Artigo da autoria de Ruben Duarte, Lead Product Designer.
Desde a sua criação na década de 90, a World Wide Web, a base de tudo aquilo a que chamamos hoje de “digital”, assume a acessibilidade digital como ponto fundamental e identitário. Nas palavras do seu criador, Tim Berners-Lee: “O poder da web está em sua universalidade. O acesso de todas as pessoas, independentemente da deficiência, é um aspecto essencial.”.
Contudo, a realidade é bem diferente. Quer seja no setor público ou no privado, especialmente no privado, a esmagadora maioria dos produtos e serviços digitais não cumpre os requisitos mínimos de acessibilidade digital. E isto não é uma simples percepção. É um facto bastante palpável e quantificável.
Um estudo da WebAIM, que analisa anualmente um milhão de páginas iniciais de websites, refere, na edição de 2026, que o cenário é pior do que no ano anterior. Segundo este estudo, no milhão de páginas iniciais analisadas, foram identificados 56.114.377 erros de acessibilidade distintos. Isto quer dizer que, em média, cada uma destas páginas tem 56,1 erros de acessibilidade. Ainda segundo o mesmo estudo, este valor representa um aumento de 10,1% face a 2025. Para além de significativo, este aumento não deixa de ser preocupante, visto que, nos últimos tempos, por causa da mudança legislativa que abrange todo o setor privado na Europa, a acessibilidade digital tem ganho uma relevância como nunca teve.

Olhando para estes dados e atendendo ao facto de este ser um estudo global, pode haver alguma tentação de o desvalorizar. Alguns de nós poderão dizer simplesmente “Isso não reflete a realidade em Portugal”. E é verdade. Não reflete. A realidade em Portugal, em particular, é bem pior. Um outro estudo, o Digital Trust Index, na sua edição de 2025, refere que 95% das páginas iniciais de websites em Portugal não estão em conformidade com os requisitos mínimos de acessibilidade digital. Por outras palavras, a esmagadora maioria (quase todos) dos websites que utilizamos todos os dias não cumpre os requisitos básicos de acessibilidade. O que isto também quer dizer é que as empresas detentoras destes websites estão em grave risco de consequências legais decorrentes deste incumprimento.

O cenário não é bonito, é verdade.
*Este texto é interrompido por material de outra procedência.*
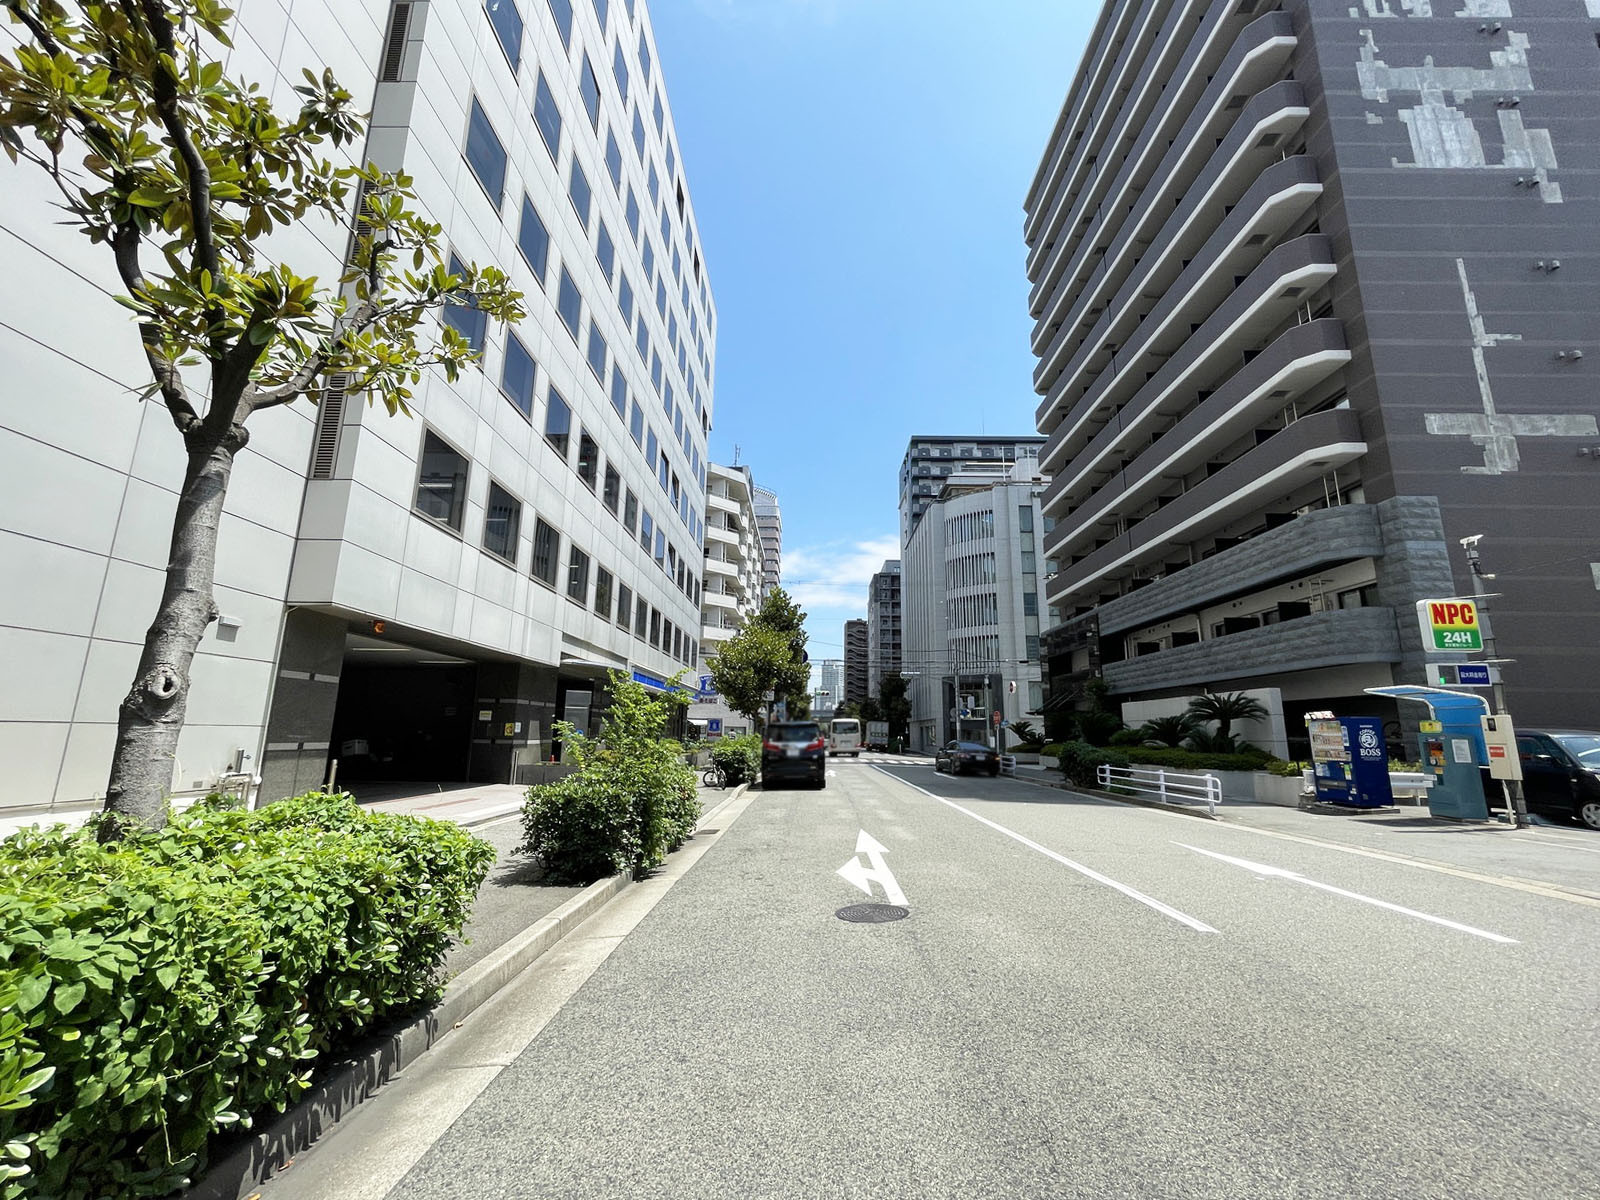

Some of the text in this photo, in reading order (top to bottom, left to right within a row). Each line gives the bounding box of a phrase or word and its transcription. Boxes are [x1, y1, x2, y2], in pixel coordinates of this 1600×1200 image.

[1431, 603, 1474, 625] NPC
[1443, 631, 1472, 643] 24H
[1360, 748, 1381, 756] BOSS
Estando, neste momento, o tema da acessibilidade digital ligado a requisitos legais, é fácil gerar, em seu redor, uma aura de complexidade e alarmismo que em nada ajudará a uma discussão séria e estruturada nas empresas. A boa notícia é que as empresas podem desempenhar um papel preponderante na transformação positiva deste cenário.
Para além da sua responsabilidade social, as empresas, ou melhor dizendo, as marcas, têm um papel valioso na economia e devem ser um referencial positivo em tudo aquilo que são as práticas de inclusão. Especialmente se falarmos de grandes marcas, com milhares ou até mesmo milhões de clientes, digitais e não digitais, a sua postura face a este tema é um alvo de escrutínio constante da sociedade.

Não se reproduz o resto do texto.